My last one was for a flash last December. I couldn't pre-register online, so I sent it in, then they told me that the UPC wasn't sent, which it was. So they told me no refund. Well, six months later, looks like they found it and just sent me a rebate for it.

If you use their rebate, make copies of everything, and I mean everything. Pre register and call them when the time is up for your refund. Unfortunately, it seems that you have to check up on them to make sure that they are doing their job.

henryp
June 8th, 2006, 09:27 AM
FWIW, in the USA most rebates are administered for the manufacturer/importer/distributor by a third-party rebate fulfillment company. While the manufacturer, Canon USA or whoever, is ultimately responsible, it's most often the fulfillment company which bears the responsibility for speed and so on.

Sid Jervis
June 8th, 2006, 09:41 AM
Good to see you here Henry.

It would appear that the fulfillment company obviously has too much of an incentive to restrict rebates. They should be helping users make the claim, not hindering them.

In the UK (Europe) I believe that the service, although not perfect, has a better track record than the USA operation. Of course this may be due to the number of claims being processed.

This may be an odd question: What is the real reason for the rebate system to exist? Is it about collecting customer names? Surely, it must be more cost effective to just give better prices to customer via the dealer network.
$0.02

henryp
June 8th, 2006, 09:53 AM
Good to see you here Henry.

It would appear that the fulfillment company obviously has too much of an incentive to restrict rebates. They should be helping users make the claim, not hindering them.

I'm not sure they make more $$ sending fewer checks.

In the UK (Europe) I believe that the service, although not perfect, has a better track record than the USA operation. Of course this may be due to the number of claims being processed.

I am forced to confess I am 100% unfamiliar with how rebates are handled outside the USA. From comments I've seen elsewhere I was under the impression rebates were far more prevalent in the USA.

This may be an odd question: What is the real reason for the rebate system to exist? Is it about collecting customer names? Surely, it must be more cost effective to just give better prices to customer via the dealer network. $0.02

I do not fully understand the rationale but I do recall it was discussed at length 5 or 6 years ago when American car companies began offering rebates in earnest instead of dropping prices. Residual value, perhaps?

Sid Jervis
June 8th, 2006, 10:39 AM
I'm not sure they make more $$ sending fewer checks.
I have to ask, why do they behave as some people have suggested?
It is negative service in those cases.

Many new purchasers of Canon equipment are unaware that the rebate system is run by a separate company, to most people it is Canon.
The key aim for the rebate company should be to help users claim rebates, if they did this customer perception of Canon rebates would be far better than it is at present.
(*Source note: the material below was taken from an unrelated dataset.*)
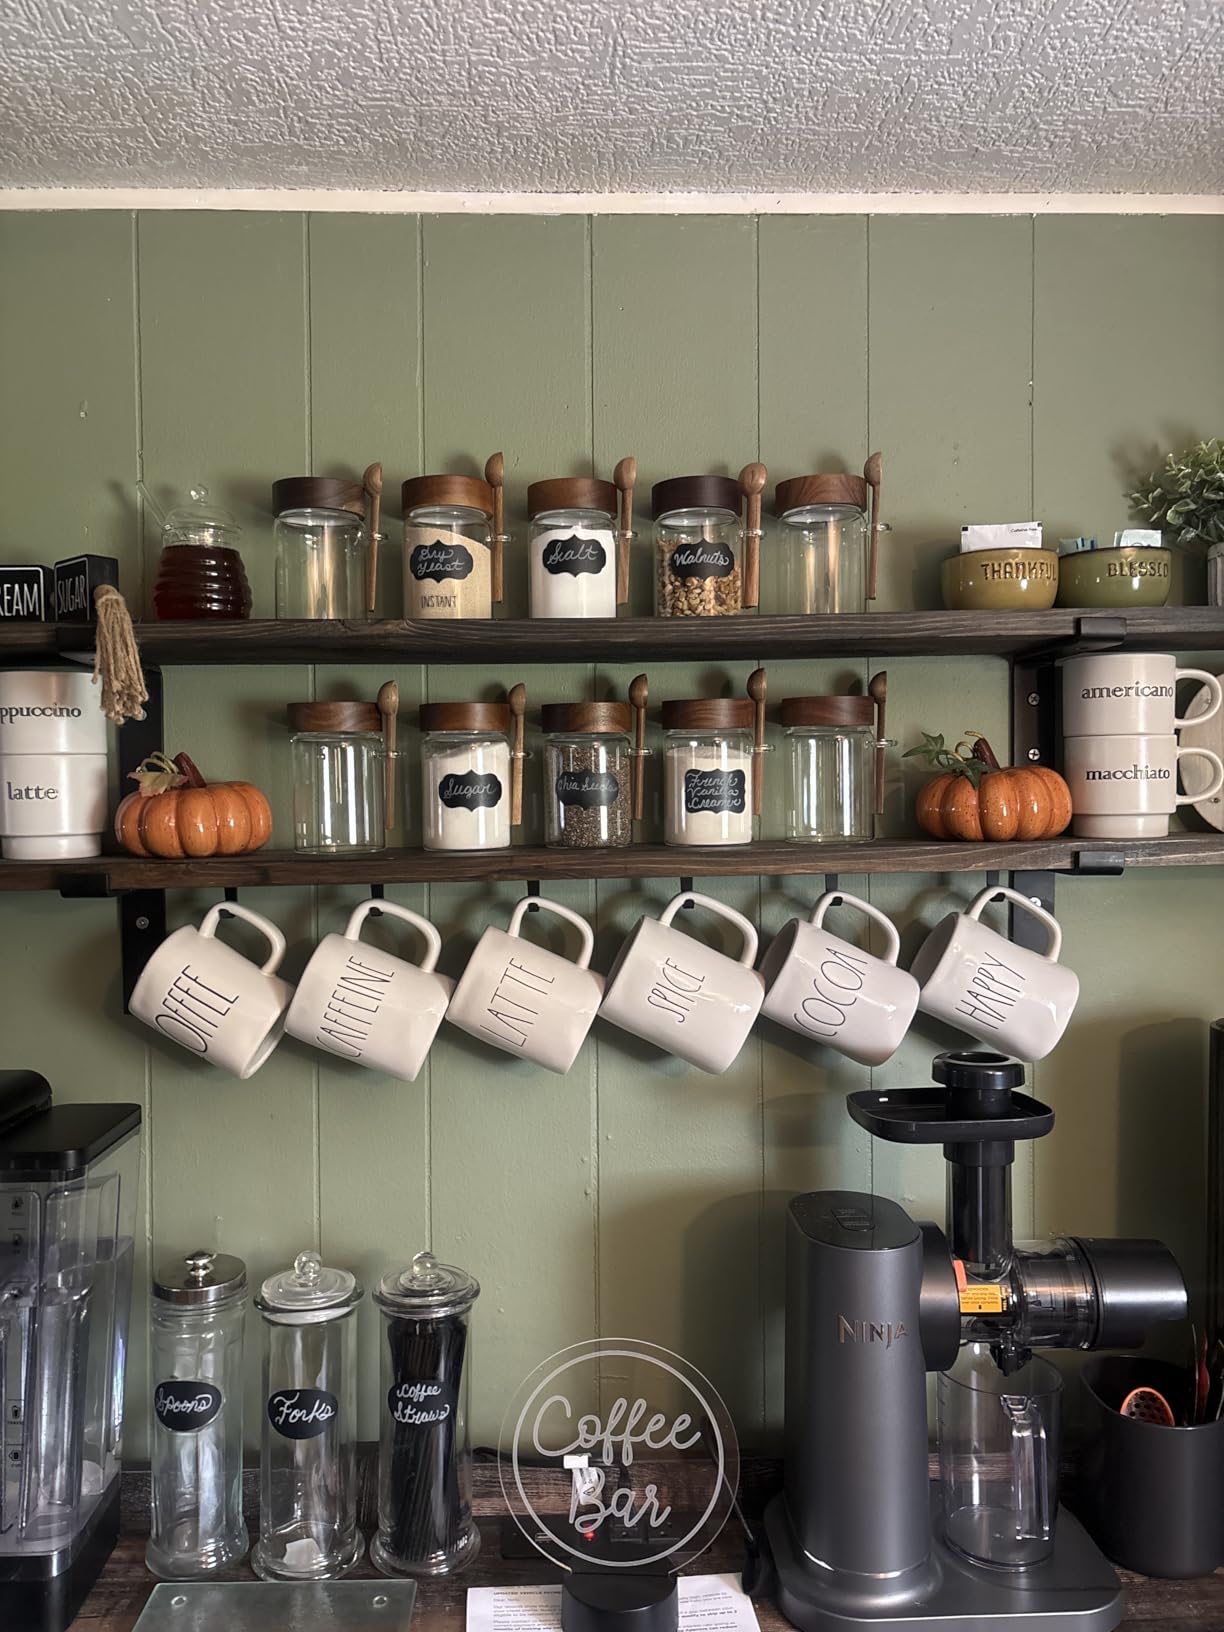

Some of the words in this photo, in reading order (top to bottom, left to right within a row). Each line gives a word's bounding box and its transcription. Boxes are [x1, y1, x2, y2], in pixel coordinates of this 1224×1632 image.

My experience in the UK (on four different claims) was that the rebates arrived within three weeks. Emails were sent providing updates throughout the process.

$0.02

danielsan
June 8th, 2006, 11:45 AM
According to some, the rebate companies are paid a certain amount to administer a particular rebate. Most people dont take advantage of mail in rebates. If too many people send in for rebates then they make less money or even possibly lose money. Such a setup invites the kind of problems people encounter with Canon rebates. Why should they be helpful? If you dont get the rebate it is money in their pocket.

Even if Canon administers the rebate directly, it is money in their pocket if you dont get your rebate. I hate rebates for this reason. They are a carrot to get people to buy sooner or buy when they wouldnt have otherwise. They count on the fact most oeple dont mail them in. If they really wanted to cut people a break they would just drop the price.
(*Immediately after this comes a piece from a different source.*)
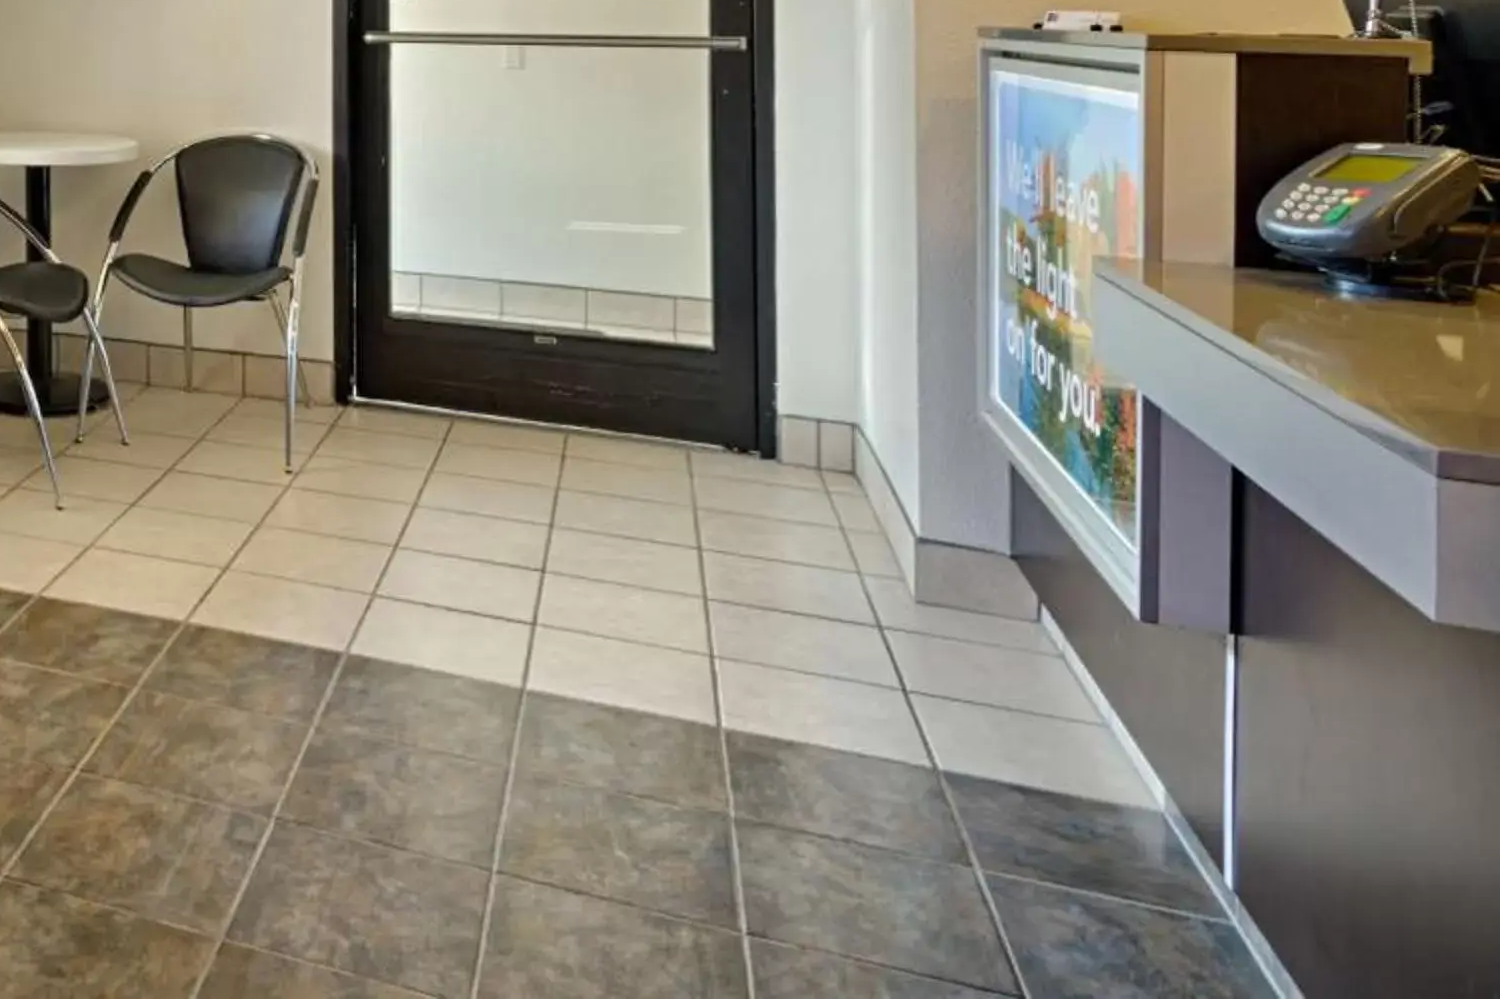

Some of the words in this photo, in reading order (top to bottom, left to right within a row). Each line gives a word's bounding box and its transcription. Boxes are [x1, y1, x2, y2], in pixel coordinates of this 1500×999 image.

I have to ask, why do they behave as some people have suggested?
It is negative service in those cases.

$0.02

Sid Jervis
June 8th, 2006, 11:54 AM
If you dont get the rebate it is money in their pocket.

Even if Canon administers the rebate directly, it is money in their pocket if you dont get your rebate. I hate rebates for this reason. They are a carrot to get people to buy sooner or buy when they wouldnt have otherwise. They count on the fact most oeple dont mail them in. If they really wanted to cut people a break they would just drop the price.

I understand your points here, that is why I said "It would appear that the fulfillment company obviously has too much of an incentive to restrict rebates.".

Tom Yi
June 8th, 2006, 01:42 PM
FWIW, in the USA most rebates are administered for the manufacturer/importer/distributor by a third-party rebate fulfillment company. While the manufacturer, Canon USA or whoever, is ultimately responsible, it's most often the fulfillment company which bears the responsibility for speed and so on.
Wow, Henry is here as well? (love the bhphotovideo.com as the homepage btw, he he he)
He's right about the third party doing the rebates, but still, I think Canon has to be aware of such poor service. I just hear way too much about the rebate service (or the lack there of) to believe that this is an isolated event.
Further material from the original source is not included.